==== Given information
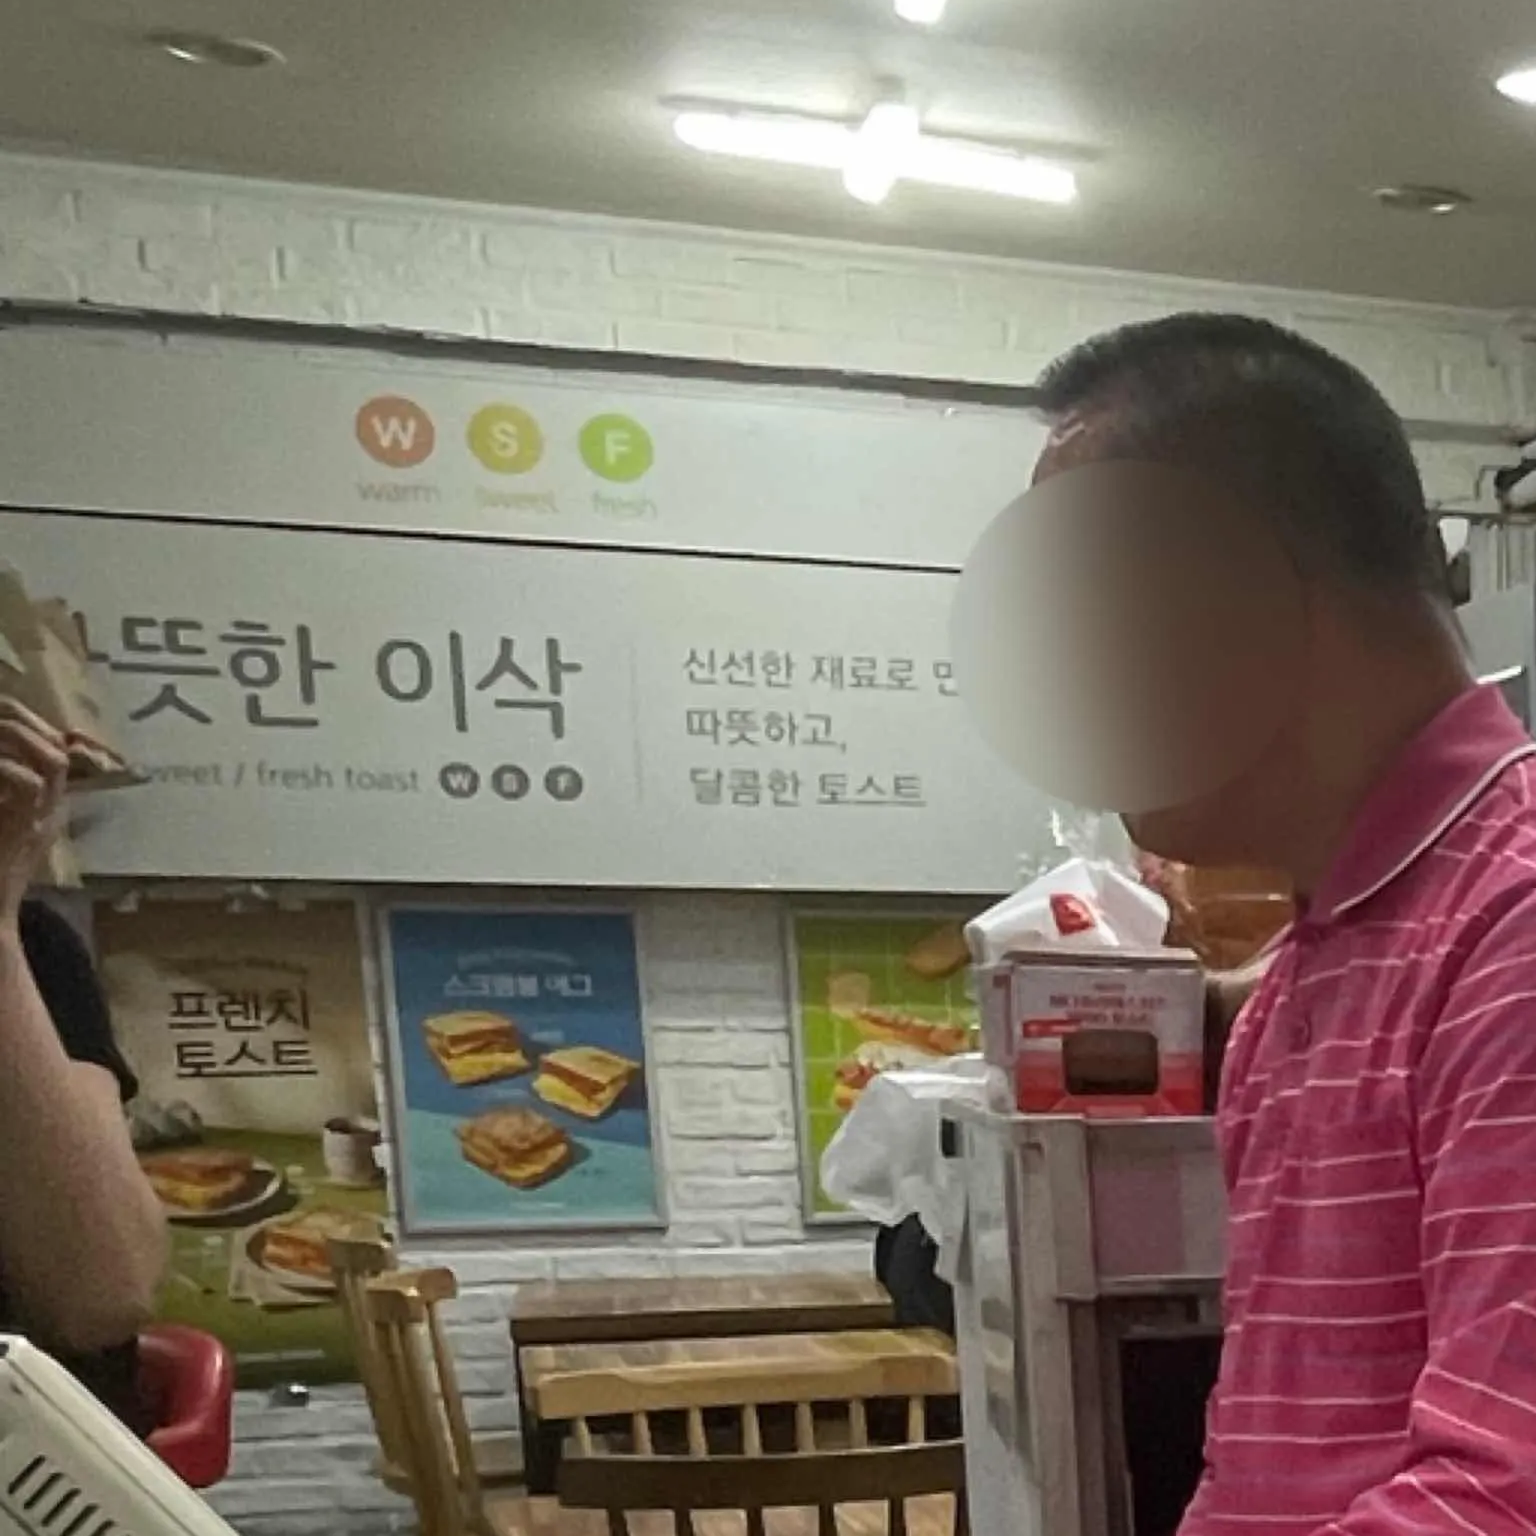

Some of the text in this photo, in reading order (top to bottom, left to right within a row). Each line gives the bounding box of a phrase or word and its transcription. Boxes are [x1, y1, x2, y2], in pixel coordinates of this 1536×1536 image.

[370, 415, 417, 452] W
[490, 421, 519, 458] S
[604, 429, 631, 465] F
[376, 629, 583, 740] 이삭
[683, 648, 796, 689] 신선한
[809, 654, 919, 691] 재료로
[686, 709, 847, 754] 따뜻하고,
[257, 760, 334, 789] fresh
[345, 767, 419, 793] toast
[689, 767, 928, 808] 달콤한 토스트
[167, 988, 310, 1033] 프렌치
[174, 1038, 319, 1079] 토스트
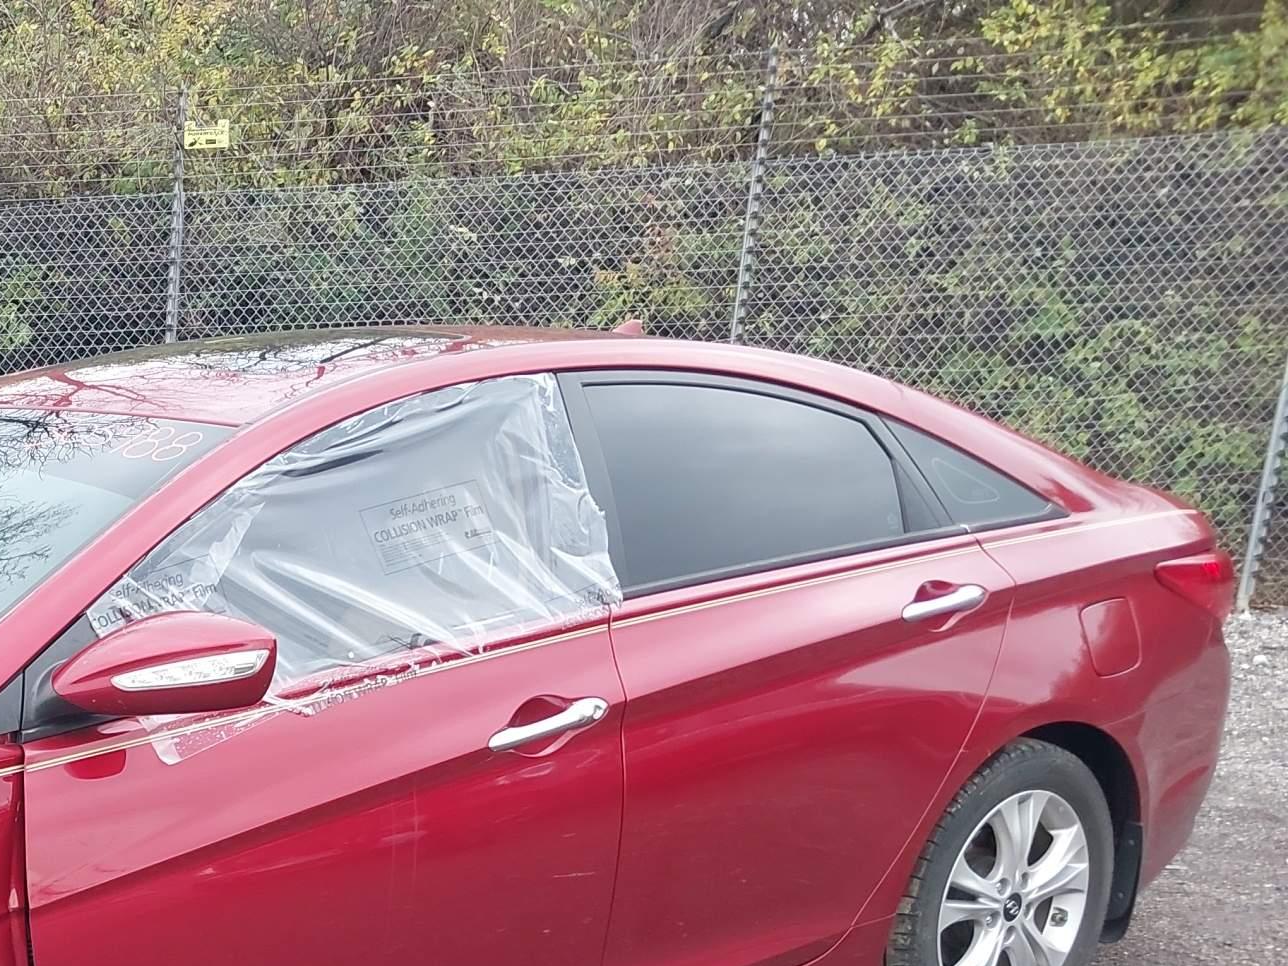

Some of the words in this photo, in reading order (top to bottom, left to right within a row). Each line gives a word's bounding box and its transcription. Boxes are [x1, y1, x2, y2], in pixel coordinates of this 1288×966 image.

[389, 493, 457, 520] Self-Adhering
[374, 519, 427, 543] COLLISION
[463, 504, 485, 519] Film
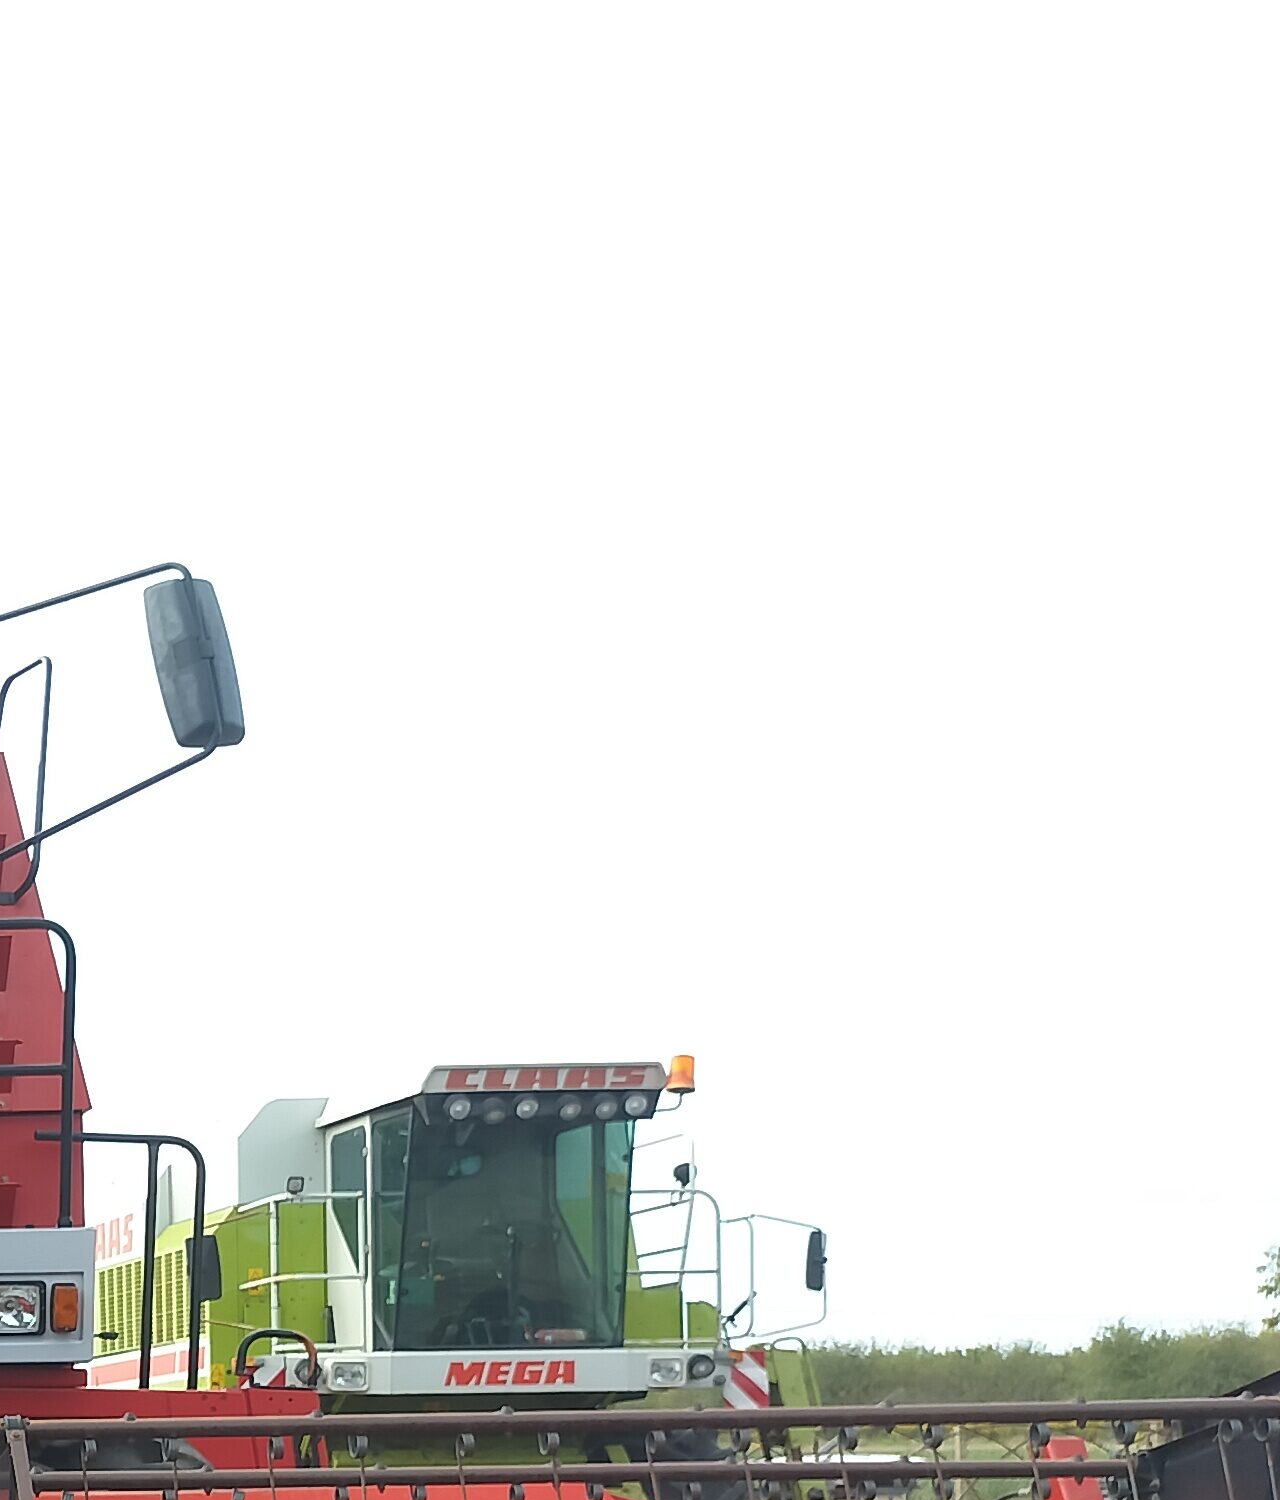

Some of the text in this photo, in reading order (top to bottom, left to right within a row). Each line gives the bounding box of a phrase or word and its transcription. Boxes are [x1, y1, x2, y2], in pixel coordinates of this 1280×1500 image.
========
- **Task objective**
Leave nothing out but the pictures when transcribing the records.

- **Finished task**
Some of the text in this photo, in reading order (top to bottom, left to right within a row). Each line gives the bounding box of a phrase or word and its transcription. Boxes are [x1, y1, x2, y2], in pixel coordinates of this 1536×1536 image.

[370, 415, 417, 452] W
[490, 421, 519, 458] S
[604, 429, 631, 465] F
[376, 629, 583, 740] 이삭
[683, 648, 796, 689] 신선한
[809, 654, 919, 691] 재료로
[686, 709, 847, 754] 따뜻하고,
[257, 760, 334, 789] fresh
[345, 767, 419, 793] toast
[689, 767, 928, 808] 달콤한 토스트
[167, 988, 310, 1033] 프렌치
[174, 1038, 319, 1079] 토스트

Some of the words in this photo, in reading order (top to bottom, left to right within a row). Each line gives a word's bounding box and its transcription. Boxes are [x1, y1, x2, y2], in pixel coordinates of this 1288×966 image.

[389, 493, 457, 520] Self-Adhering
[374, 519, 427, 543] COLLISION
[463, 504, 485, 519] Film

Some of the text in this photo, in reading order (top to bottom, left to right within a row). Each line gives the bounding box of a phrase or word and its transcription. Boxes are [x1, y1, x2, y2], in pixel coordinates of this 1280×1500 image.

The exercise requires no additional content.